:: Records for processing ::
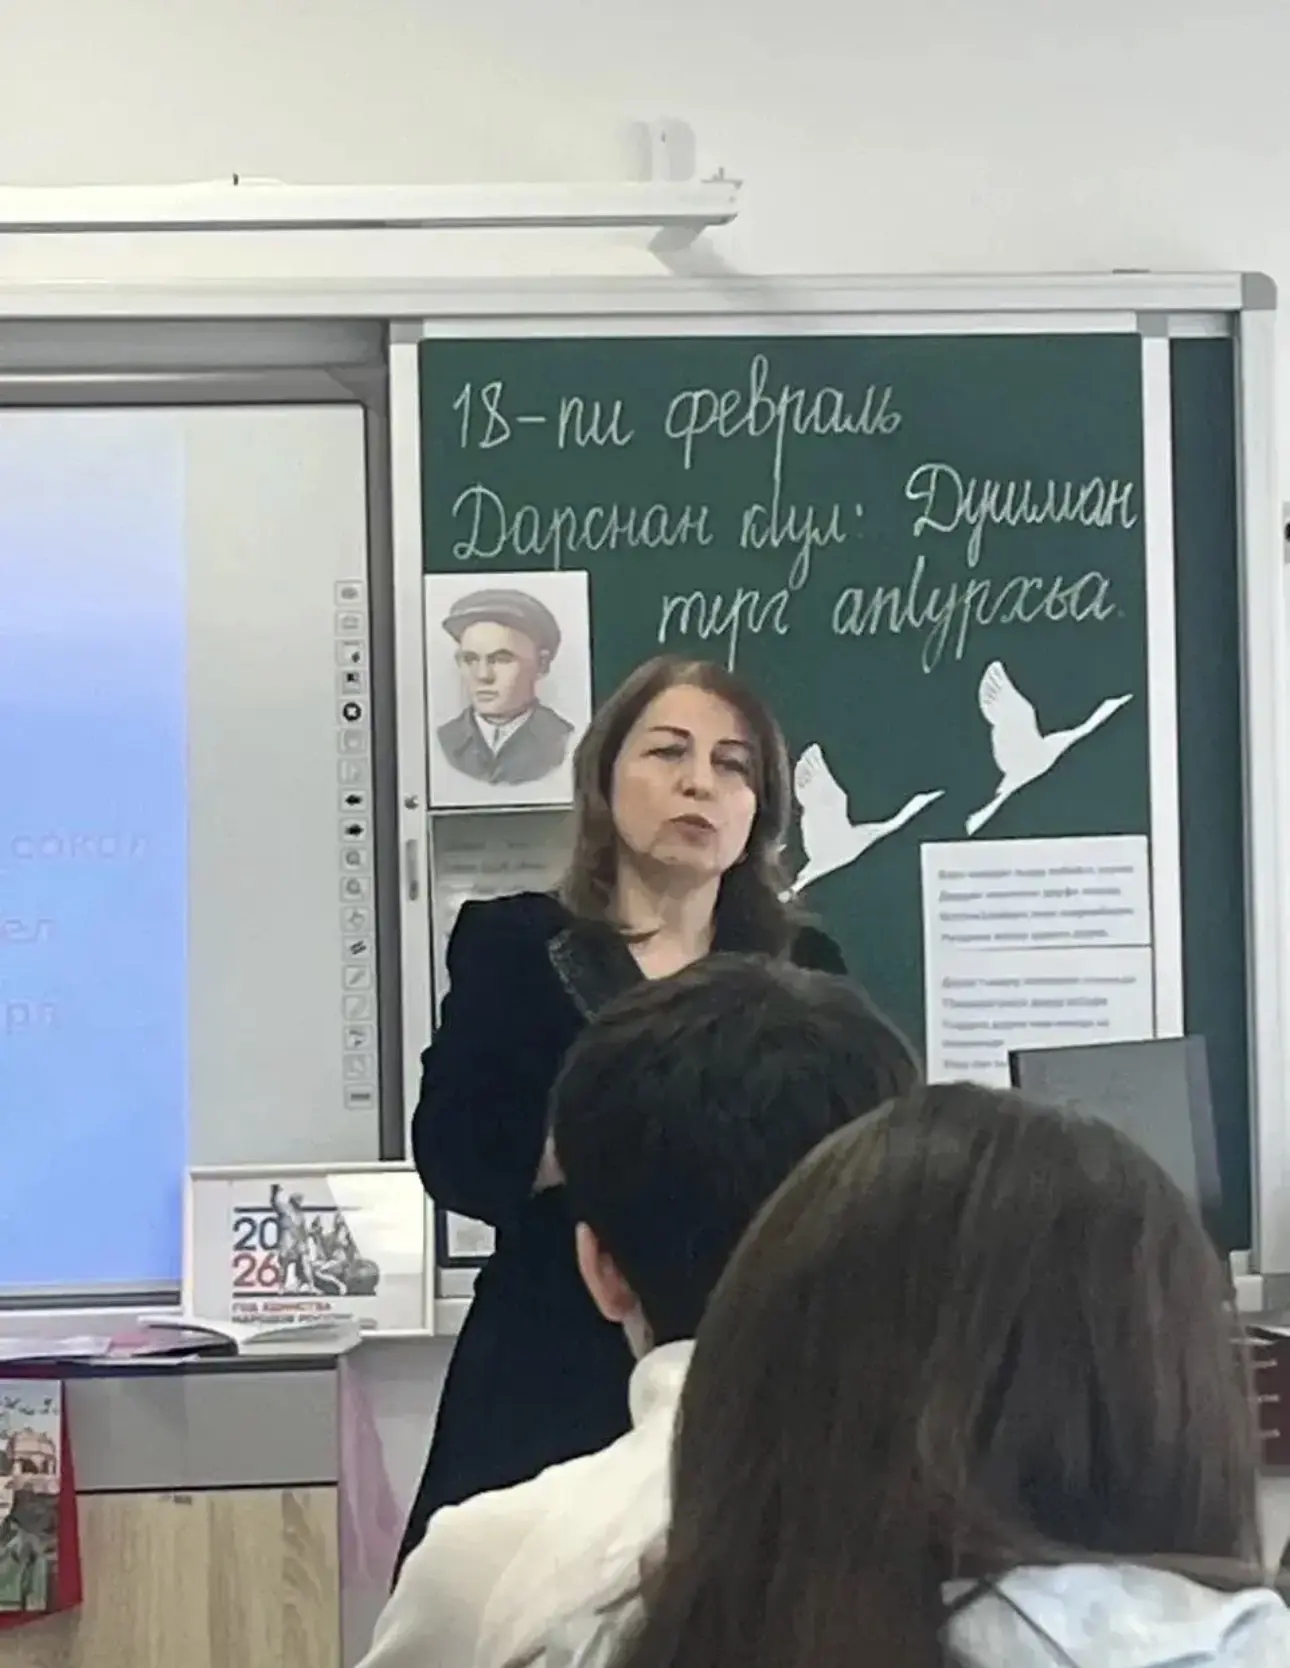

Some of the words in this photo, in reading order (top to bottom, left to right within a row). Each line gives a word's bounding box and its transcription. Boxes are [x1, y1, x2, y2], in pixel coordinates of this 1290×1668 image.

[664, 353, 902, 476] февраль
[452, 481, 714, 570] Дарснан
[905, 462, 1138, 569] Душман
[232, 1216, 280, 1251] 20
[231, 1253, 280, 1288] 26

:: Task description ::
Output the records above character for character, but leave each image out.

:: Response to the exercise ::
Some of the words in this photo, in reading order (top to bottom, left to right within a row). Each line gives a word's bounding box and its transcription. Boxes are [x1, y1, x2, y2], in pixel coordinates of this 1290×1668 image.

[664, 353, 902, 476] февраль
[452, 481, 714, 570] Дарснан
[905, 462, 1138, 569] Душман
[232, 1216, 280, 1251] 20
[231, 1253, 280, 1288] 26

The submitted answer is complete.